The government had prohibited blacks from settling anywhere in Oregon territory during the migrations west in the first few decades of the last century. To avoid this, Bush and the party of white pioneer families he had travelled with from Missouri, pushed upward into British territory in 1844. It was not likely that he would be disturbed if the wagon train he led set down stakes across the Columbia river since the sheriff was not required by law to travel that far north.
Because of the care and generosity he showed to other newcomers like himself, there were soon enough American settlers in this area ready to nullify whatever claims the British had originally laid to it. In 1853 this newly enlarged territory of Oregon was officially declared an American State. In 1889, this portion north of the Columbia, because of its size, formally entered the union as the State of Washington.

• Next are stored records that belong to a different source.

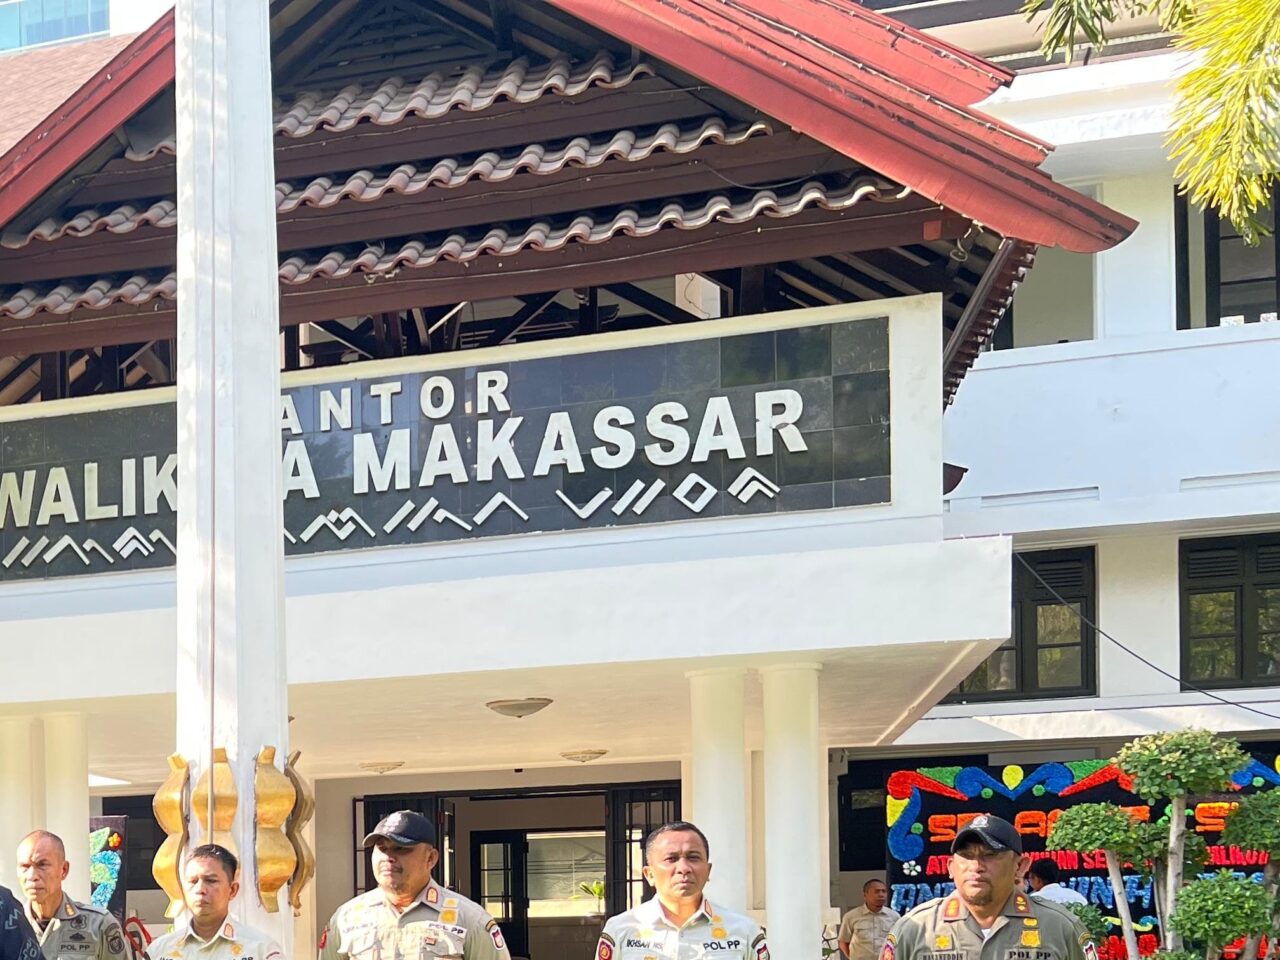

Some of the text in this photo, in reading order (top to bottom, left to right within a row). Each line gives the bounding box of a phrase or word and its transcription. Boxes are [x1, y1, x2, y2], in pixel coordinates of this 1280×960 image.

[280, 370, 511, 435] ANTOR
[353, 389, 809, 494] MAKASSAR
[428, 922, 464, 935] POL PP
[703, 940, 741, 951] POL PP
[1008, 951, 1052, 960] POL PP
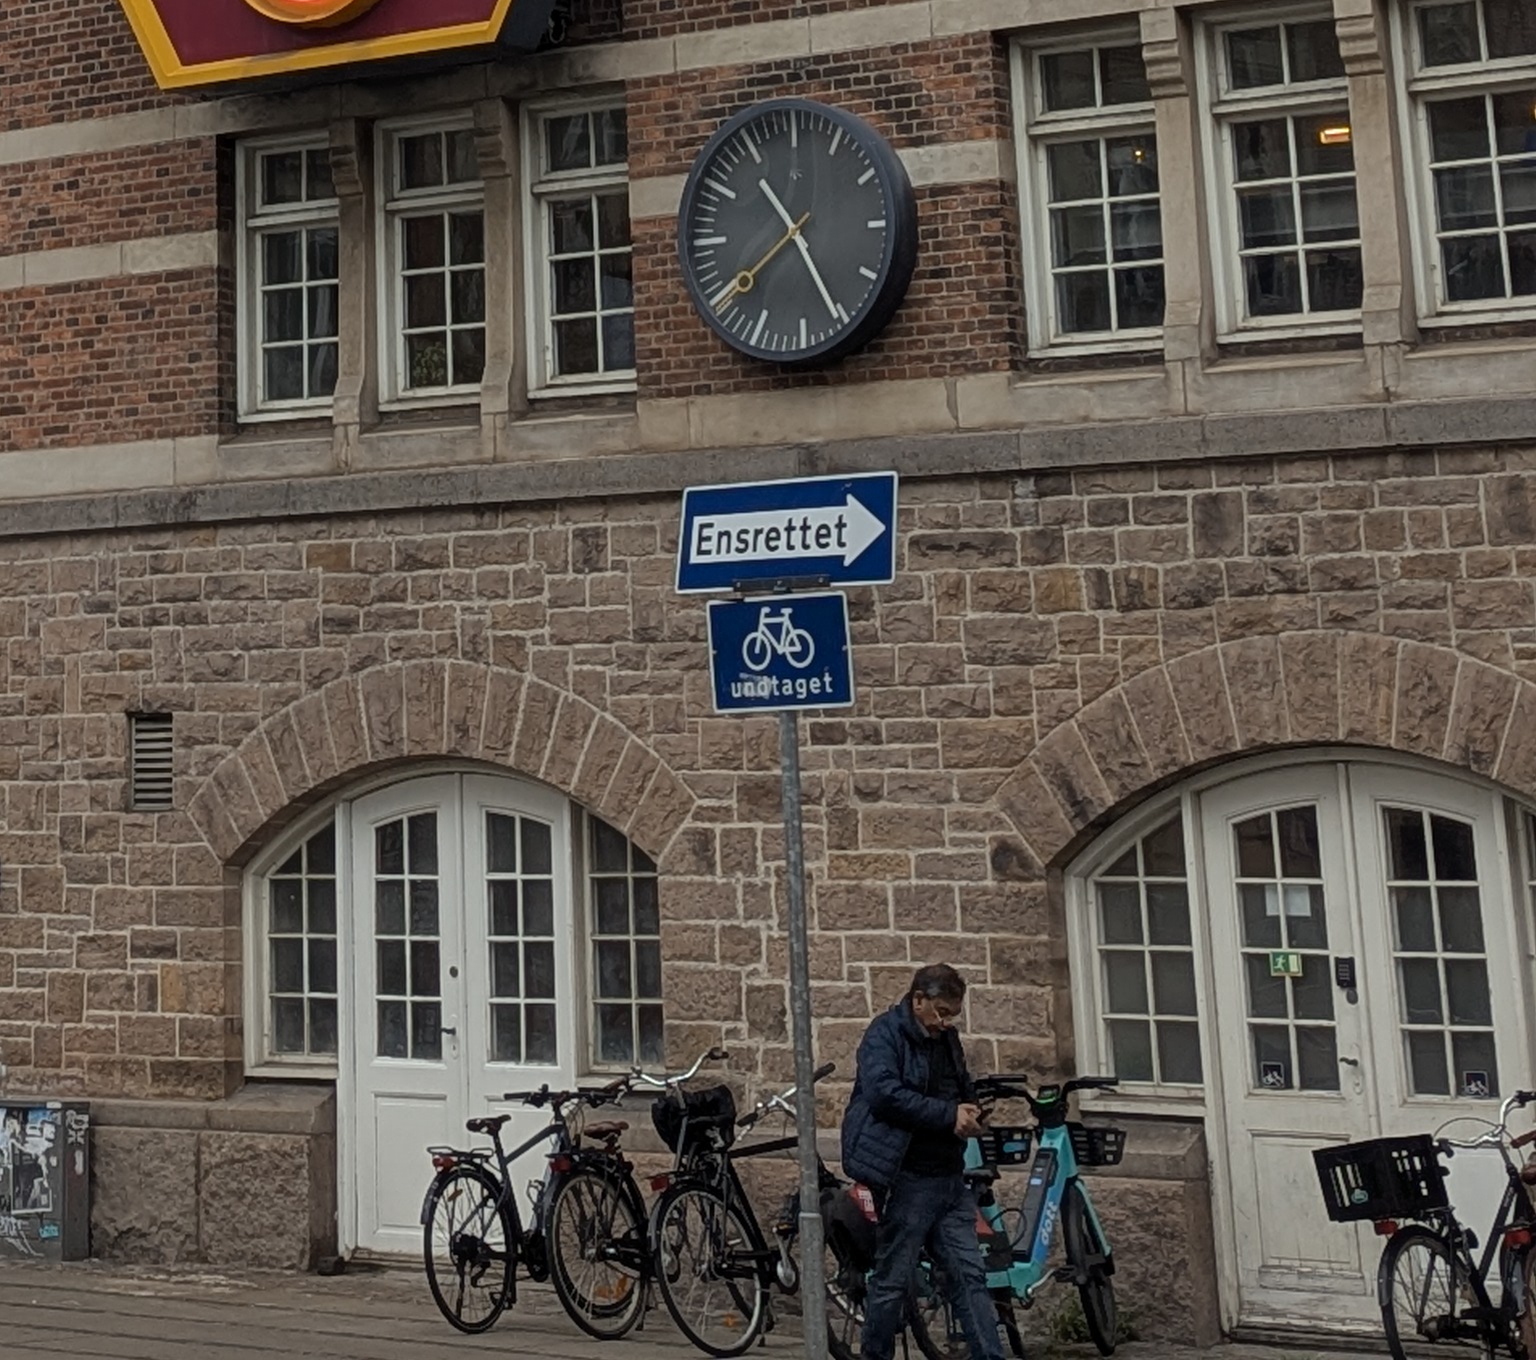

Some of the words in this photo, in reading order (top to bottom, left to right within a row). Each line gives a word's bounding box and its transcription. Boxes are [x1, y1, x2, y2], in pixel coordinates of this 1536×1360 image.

Once under American jurisdiction, however, Bush found himself in Oregon the target of the same "black laws" he had travelled so far north to escape. It took a special bill introduced by a particularly close friend of his who had been elected to the senate, to have him exempted from so racist a piece of legislation.
Despite the political significance of this incident, it nevertheless is a demonstration of the kind of social influence George Bush and his family enjoyed. Indeed, the eldest of his six sons, George Owen Bush, was himself elected to serve as one of Washington State's first senators. Today, Bush's descendants are all white. A great many thanks to Mr. Roger H. Newman of Olympia, Washington for providing the names of those families which can trace their lines back to this pioneer:
Researched and Written by Mario de Valdes y Cocom.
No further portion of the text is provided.